Stored items from a collection:
###

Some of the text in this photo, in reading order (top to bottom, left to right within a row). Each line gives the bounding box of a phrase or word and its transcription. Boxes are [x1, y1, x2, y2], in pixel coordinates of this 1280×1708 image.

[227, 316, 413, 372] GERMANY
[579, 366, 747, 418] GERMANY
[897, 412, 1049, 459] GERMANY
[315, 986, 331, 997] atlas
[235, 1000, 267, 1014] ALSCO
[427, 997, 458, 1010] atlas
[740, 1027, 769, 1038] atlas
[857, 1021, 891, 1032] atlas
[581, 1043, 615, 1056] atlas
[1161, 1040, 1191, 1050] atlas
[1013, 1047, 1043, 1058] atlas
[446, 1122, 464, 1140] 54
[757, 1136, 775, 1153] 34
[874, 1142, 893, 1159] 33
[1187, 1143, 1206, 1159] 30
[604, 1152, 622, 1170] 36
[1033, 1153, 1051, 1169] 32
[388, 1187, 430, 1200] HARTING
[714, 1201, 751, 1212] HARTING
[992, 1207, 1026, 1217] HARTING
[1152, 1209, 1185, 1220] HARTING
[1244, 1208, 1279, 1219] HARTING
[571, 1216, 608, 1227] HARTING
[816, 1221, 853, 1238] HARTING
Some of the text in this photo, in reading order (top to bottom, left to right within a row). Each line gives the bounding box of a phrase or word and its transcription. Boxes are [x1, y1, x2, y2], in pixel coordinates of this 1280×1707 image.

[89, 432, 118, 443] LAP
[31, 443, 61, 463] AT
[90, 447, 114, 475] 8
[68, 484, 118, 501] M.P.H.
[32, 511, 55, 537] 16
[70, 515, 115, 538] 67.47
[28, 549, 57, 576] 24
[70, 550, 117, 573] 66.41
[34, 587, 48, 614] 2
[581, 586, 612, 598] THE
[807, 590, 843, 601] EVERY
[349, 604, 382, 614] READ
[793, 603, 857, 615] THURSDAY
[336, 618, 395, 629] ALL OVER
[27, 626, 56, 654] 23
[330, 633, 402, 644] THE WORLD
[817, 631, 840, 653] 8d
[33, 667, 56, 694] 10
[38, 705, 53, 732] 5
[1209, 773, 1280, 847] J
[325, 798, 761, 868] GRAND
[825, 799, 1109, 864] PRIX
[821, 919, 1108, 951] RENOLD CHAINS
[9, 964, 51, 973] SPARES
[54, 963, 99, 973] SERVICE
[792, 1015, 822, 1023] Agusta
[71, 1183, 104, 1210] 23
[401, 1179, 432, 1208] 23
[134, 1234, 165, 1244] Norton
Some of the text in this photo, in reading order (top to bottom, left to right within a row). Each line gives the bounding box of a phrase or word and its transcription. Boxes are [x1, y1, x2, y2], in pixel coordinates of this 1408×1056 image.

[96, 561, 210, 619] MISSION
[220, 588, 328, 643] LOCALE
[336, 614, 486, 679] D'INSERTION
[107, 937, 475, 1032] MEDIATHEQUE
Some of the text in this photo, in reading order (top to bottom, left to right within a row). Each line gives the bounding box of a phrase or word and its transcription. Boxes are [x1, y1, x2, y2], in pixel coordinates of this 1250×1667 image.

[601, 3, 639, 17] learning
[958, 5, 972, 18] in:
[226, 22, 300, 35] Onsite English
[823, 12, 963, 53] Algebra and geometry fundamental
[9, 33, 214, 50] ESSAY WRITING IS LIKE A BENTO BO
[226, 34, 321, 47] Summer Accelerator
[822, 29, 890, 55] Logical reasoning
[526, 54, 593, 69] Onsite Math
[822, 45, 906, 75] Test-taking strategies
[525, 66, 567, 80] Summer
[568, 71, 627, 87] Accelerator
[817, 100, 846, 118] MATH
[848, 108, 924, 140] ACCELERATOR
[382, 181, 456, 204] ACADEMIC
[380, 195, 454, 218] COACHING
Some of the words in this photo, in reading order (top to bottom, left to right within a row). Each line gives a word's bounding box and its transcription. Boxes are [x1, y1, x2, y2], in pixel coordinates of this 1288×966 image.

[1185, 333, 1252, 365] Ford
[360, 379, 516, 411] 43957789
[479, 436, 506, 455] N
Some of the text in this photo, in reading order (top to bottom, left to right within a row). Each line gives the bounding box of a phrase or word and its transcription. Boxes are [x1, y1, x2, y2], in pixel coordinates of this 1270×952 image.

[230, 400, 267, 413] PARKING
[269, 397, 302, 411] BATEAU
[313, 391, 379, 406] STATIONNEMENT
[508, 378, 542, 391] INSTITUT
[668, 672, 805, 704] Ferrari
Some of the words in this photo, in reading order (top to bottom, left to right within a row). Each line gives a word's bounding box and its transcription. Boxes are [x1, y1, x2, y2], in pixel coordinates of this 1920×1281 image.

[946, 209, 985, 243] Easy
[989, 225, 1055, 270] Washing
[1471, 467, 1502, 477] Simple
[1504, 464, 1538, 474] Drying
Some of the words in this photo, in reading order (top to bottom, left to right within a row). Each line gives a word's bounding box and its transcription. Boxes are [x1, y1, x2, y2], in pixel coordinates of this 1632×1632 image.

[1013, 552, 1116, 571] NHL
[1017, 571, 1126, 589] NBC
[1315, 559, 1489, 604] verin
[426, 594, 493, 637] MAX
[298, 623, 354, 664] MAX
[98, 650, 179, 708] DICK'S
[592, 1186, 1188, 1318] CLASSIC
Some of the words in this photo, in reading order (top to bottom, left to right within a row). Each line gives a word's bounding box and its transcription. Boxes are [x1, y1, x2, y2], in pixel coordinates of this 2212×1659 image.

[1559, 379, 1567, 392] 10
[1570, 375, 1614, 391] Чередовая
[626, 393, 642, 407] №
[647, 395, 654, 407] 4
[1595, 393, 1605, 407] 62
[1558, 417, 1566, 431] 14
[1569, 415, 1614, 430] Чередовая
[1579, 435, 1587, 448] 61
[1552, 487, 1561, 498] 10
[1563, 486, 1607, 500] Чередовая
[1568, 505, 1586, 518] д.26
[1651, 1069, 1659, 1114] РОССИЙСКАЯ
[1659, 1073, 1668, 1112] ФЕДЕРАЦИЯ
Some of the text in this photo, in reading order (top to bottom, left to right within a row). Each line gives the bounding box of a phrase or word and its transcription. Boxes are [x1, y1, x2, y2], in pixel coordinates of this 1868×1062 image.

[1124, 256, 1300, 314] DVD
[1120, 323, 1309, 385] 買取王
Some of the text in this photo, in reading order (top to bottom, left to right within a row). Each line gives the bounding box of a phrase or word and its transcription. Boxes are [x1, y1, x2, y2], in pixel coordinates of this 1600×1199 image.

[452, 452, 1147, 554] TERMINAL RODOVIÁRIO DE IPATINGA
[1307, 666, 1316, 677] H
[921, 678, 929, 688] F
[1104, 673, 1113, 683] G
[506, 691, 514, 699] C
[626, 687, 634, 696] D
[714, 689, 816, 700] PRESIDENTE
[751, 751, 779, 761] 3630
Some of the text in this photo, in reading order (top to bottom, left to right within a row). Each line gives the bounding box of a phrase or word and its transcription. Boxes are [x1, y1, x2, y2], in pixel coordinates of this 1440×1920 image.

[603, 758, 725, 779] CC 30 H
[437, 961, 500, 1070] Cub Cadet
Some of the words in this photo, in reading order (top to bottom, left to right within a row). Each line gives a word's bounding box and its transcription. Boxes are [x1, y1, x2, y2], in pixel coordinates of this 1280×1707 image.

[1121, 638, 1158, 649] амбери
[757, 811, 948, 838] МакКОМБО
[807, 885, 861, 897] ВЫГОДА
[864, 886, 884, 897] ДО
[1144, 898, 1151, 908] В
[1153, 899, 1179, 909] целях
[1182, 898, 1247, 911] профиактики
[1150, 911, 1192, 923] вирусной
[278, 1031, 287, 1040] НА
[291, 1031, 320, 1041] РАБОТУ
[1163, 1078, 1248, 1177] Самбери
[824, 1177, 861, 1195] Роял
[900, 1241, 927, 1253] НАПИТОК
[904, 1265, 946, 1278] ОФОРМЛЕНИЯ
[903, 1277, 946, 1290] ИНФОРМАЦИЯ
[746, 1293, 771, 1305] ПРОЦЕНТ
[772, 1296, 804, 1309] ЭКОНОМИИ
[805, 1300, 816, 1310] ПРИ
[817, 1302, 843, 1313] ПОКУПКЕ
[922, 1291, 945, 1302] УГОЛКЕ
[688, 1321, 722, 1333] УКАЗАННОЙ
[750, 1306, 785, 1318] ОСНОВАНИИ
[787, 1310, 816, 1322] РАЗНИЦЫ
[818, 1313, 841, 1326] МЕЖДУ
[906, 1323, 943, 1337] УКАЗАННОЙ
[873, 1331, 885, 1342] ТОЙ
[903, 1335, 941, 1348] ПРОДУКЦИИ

###

What is being asked: Write down only the closing run of lines: the one containing "this 1440×1920 image." and every line after it to the end of the entries, exactly.

Expected answer:
Some of the text in this photo, in reading order (top to bottom, left to right within a row). Each line gives the bounding box of a phrase or word and its transcription. Boxes are [x1, y1, x2, y2], in pixel coordinates of this 1440×1920 image.

[603, 758, 725, 779] CC 30 H
[437, 961, 500, 1070] Cub Cadet
Some of the words in this photo, in reading order (top to bottom, left to right within a row). Each line gives a word's bounding box and its transcription. Boxes are [x1, y1, x2, y2], in pixel coordinates of this 1280×1707 image.

[1121, 638, 1158, 649] амбери
[757, 811, 948, 838] МакКОМБО
[807, 885, 861, 897] ВЫГОДА
[864, 886, 884, 897] ДО
[1144, 898, 1151, 908] В
[1153, 899, 1179, 909] целях
[1182, 898, 1247, 911] профиактики
[1150, 911, 1192, 923] вирусной
[278, 1031, 287, 1040] НА
[291, 1031, 320, 1041] РАБОТУ
[1163, 1078, 1248, 1177] Самбери
[824, 1177, 861, 1195] Роял
[900, 1241, 927, 1253] НАПИТОК
[904, 1265, 946, 1278] ОФОРМЛЕНИЯ
[903, 1277, 946, 1290] ИНФОРМАЦИЯ
[746, 1293, 771, 1305] ПРОЦЕНТ
[772, 1296, 804, 1309] ЭКОНОМИИ
[805, 1300, 816, 1310] ПРИ
[817, 1302, 843, 1313] ПОКУПКЕ
[922, 1291, 945, 1302] УГОЛКЕ
[688, 1321, 722, 1333] УКАЗАННОЙ
[750, 1306, 785, 1318] ОСНОВАНИИ
[787, 1310, 816, 1322] РАЗНИЦЫ
[818, 1313, 841, 1326] МЕЖДУ
[906, 1323, 943, 1337] УКАЗАННОЙ
[873, 1331, 885, 1342] ТОЙ
[903, 1335, 941, 1348] ПРОДУКЦИИ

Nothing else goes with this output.